Segundo o relato da família, o paciente recebeu classificação de risco com pulseira verde — utilizada para casos considerados de menor urgência — e aguardou cerca de duas horas para ser atendido. Após a avaliação, a médica teria informado que o exame não indicava nenhum problema e ele foi liberado.
Inconformados, os familiares decidiram buscar atendimento no Hospital Vera Cruz, em Campinas. Na unidade particular, os médicos diagnosticaram que o paciente estava, na verdade, sofrendo um infarto e apresentava três artérias obstruídas, descritas como calcificadas.
Durante o procedimento para desobstrução, os médicos conseguiram liberar cerca de 99% de uma das artérias. No entanto, um coágulo acabou se deslocando para o cérebro, provocando um acidente vascular cerebral (AVC).
O episódio rapidamente ganhou repercussão nas redes sociais e passou a reunir relatos de outros moradores que dizem ter enfrentado situações semelhantes na UPA de Valinhos.
“Minha mãe sofreu dois meses nesse UPA de Valinhos. Ela precisava ser internada e quando foi para a Santa Casa de Vinhedo já foi direto para a UTI, mas já era tarde demais”, relatou uma moradora no Instagram.
Outro relato que gerou grande repercussão foi o de @irenepetreca, que criticou a condução do atendimento e cobrou maior atenção da administração municipal.
“Em vez do prefeito ficar preocupado em trocar plantinhas do portal, como foi o caso de ontem, e postar vídeo batendo bola, deveria ver os atendimentos. Um exame de sangue detecta infarto. Essa mãe relatando um descaso tão grande. Onde se viu não investigar?”, escreveu.
Casos semelhantes também começaram a surgir nos comentários da publicação. Outro usuário contou a experiência vivida por seu padrasto após atendimento na unidade.
“Meu padrasto foi para a UPA com fortes dores no peito, fizeram exames e disseram que não era nada. Liberaram ele para casa.
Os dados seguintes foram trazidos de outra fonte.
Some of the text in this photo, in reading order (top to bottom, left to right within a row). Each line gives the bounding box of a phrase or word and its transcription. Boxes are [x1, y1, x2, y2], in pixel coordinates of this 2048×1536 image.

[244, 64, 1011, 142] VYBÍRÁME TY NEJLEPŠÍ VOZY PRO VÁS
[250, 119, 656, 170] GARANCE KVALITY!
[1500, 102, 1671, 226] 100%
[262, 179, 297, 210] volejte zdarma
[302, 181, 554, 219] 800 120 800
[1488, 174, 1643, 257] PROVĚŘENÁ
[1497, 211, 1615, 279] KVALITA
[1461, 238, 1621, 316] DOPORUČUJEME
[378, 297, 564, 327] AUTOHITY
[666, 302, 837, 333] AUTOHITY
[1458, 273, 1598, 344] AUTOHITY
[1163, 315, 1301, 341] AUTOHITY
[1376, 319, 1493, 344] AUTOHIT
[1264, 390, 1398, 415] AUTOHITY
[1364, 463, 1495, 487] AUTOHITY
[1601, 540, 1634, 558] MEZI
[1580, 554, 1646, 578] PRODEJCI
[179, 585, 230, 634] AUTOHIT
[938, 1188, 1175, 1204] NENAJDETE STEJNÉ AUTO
No dia seguinte minha mãe levou para um hospital em Campinas e os médicos disseram que ele tinha tido um AVC. Ficou 13 dias internado e hoje está de cama, com sequelas”, afirmou.
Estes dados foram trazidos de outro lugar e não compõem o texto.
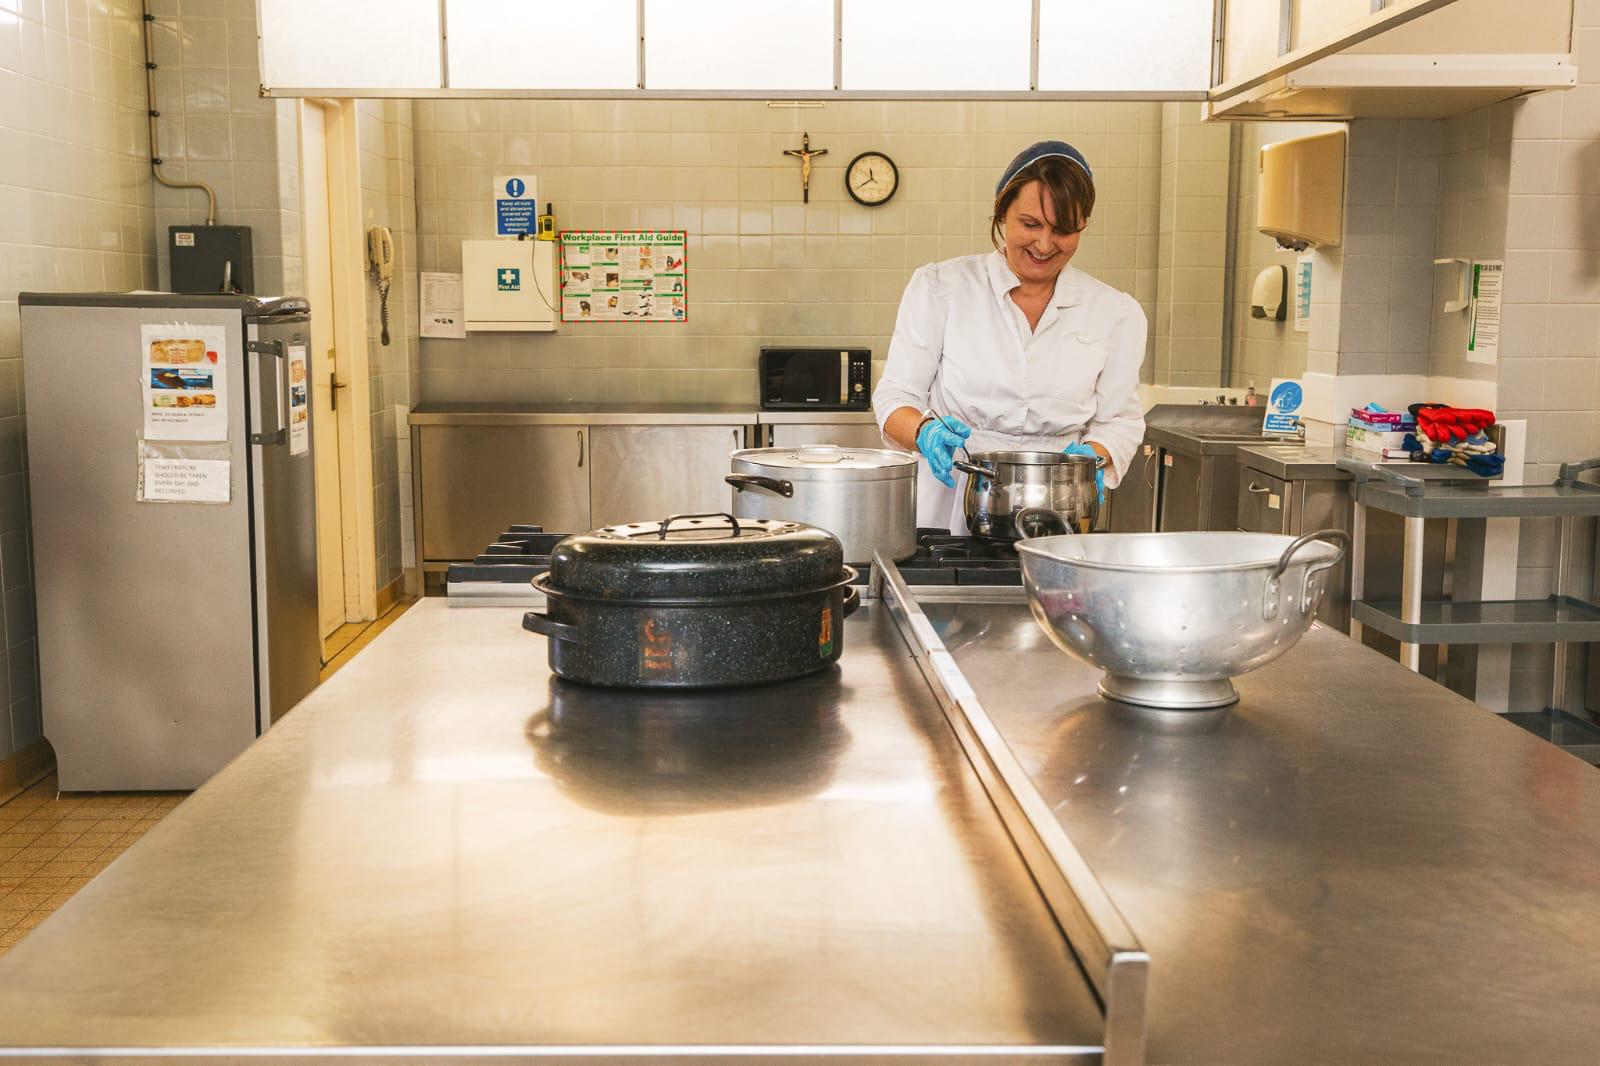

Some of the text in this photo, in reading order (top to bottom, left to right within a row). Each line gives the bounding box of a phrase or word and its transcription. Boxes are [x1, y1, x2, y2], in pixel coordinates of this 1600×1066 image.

Outro comentário que chamou a atenção relata um caso ainda mais grave. “Eu presenciei uma situação em que o eletrocardiograma de uma pessoa cardiopata foi considerado normal. No dia seguinte a pessoa morreu de infarto. No dia do atendimento ainda deram Haldol dizendo que a pessoa estava em surto”, escreveu.
A insatisfação com o atendimento também aparece em críticas à postura de profissionais de saúde. Outra moradora afirmou que muitos pacientes deixam a unidade inseguros após as consultas. “Os médicos nem olham na sua cara. Você fala e ele já vai prescrevendo remédio. Dá até medo de tomar”, escreveu.